> **Task**
Retype the records below exactly as they appear, but leave out any pictures.
>>>>>
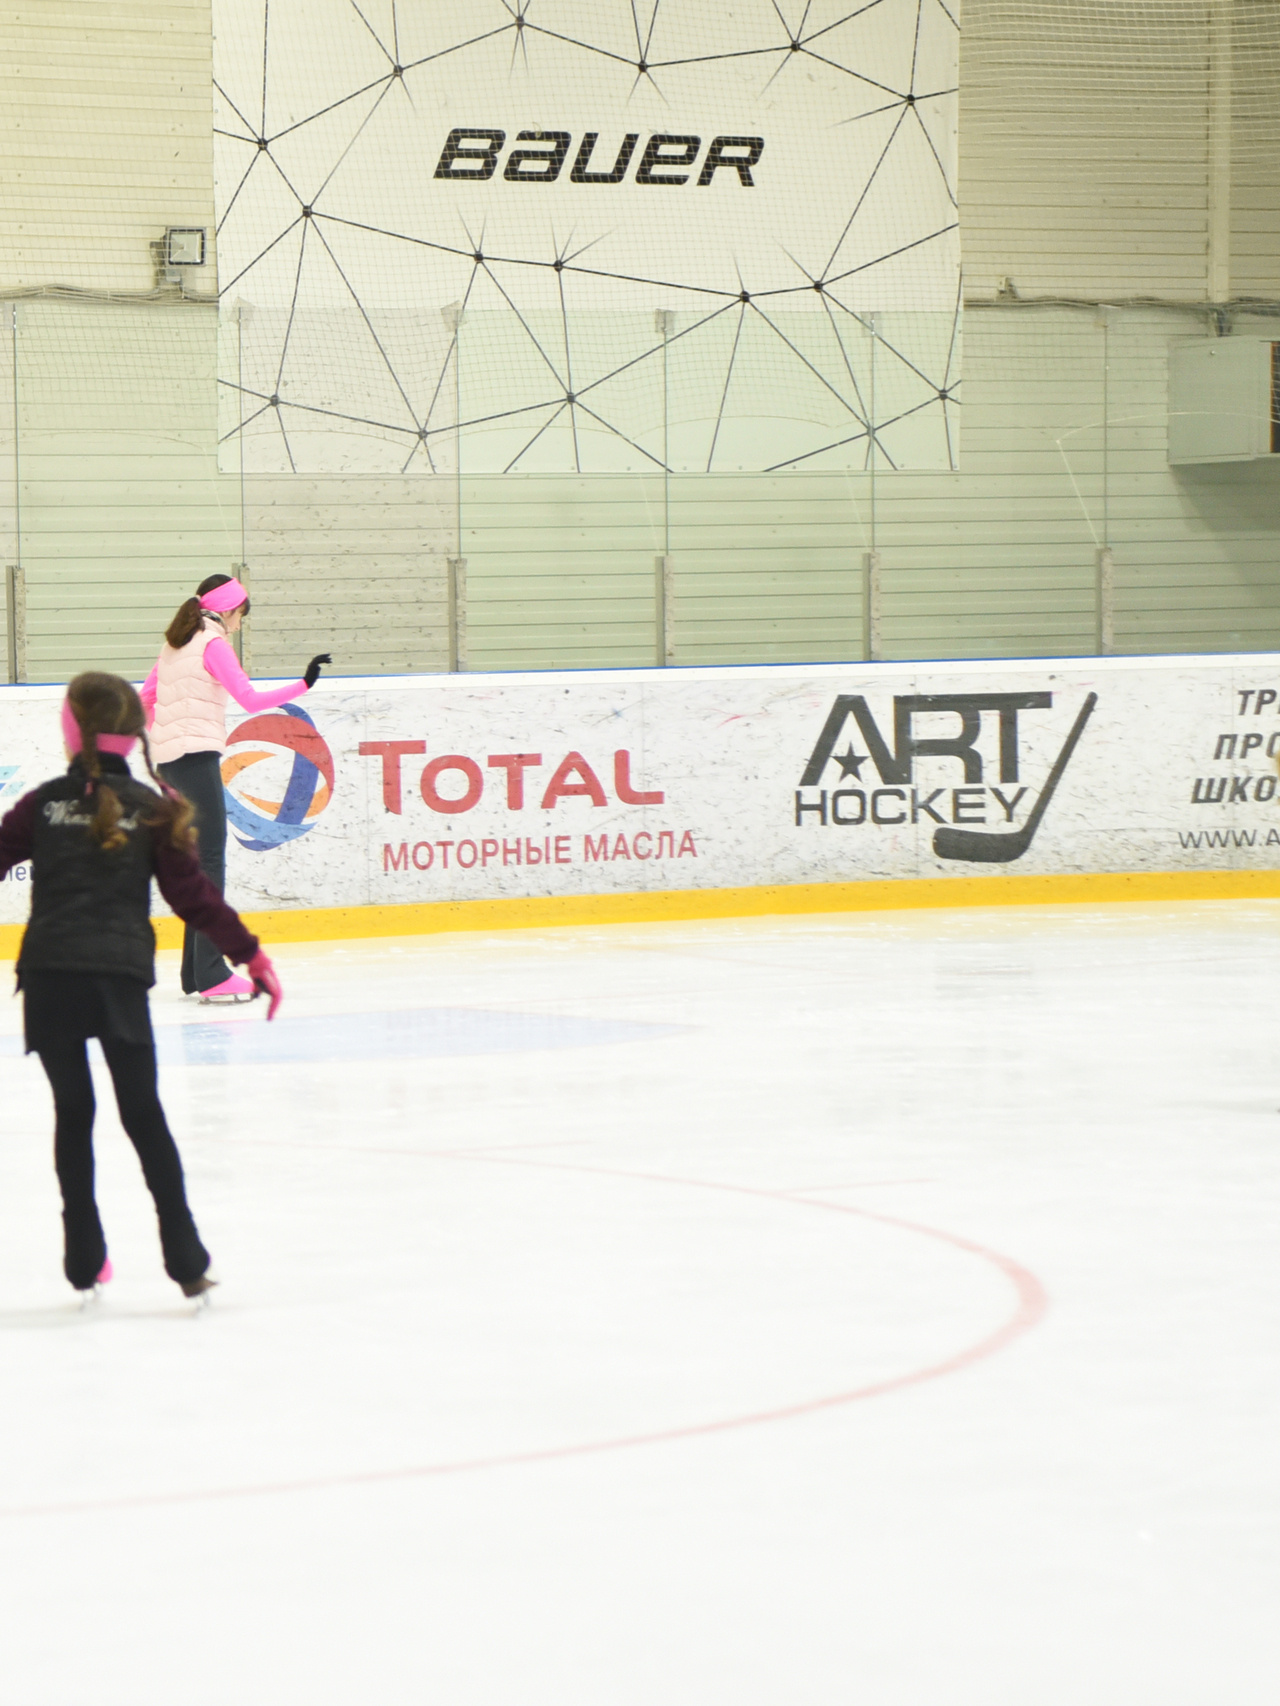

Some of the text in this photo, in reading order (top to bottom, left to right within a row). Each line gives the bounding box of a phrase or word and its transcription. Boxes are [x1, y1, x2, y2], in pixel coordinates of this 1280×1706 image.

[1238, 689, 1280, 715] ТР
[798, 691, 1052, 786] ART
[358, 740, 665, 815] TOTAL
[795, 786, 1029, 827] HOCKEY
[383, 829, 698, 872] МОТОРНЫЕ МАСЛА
<<<<<
> **Output below**
Some of the text in this photo, in reading order (top to bottom, left to right within a row). Each line gives the bounding box of a phrase or word and its transcription. Boxes are [x1, y1, x2, y2], in pixel coordinates of this 1280×1706 image.

[1238, 689, 1280, 715] ТР
[798, 691, 1052, 786] ART
[358, 740, 665, 815] TOTAL
[795, 786, 1029, 827] HOCKEY
[383, 829, 698, 872] МОТОРНЫЕ МАСЛА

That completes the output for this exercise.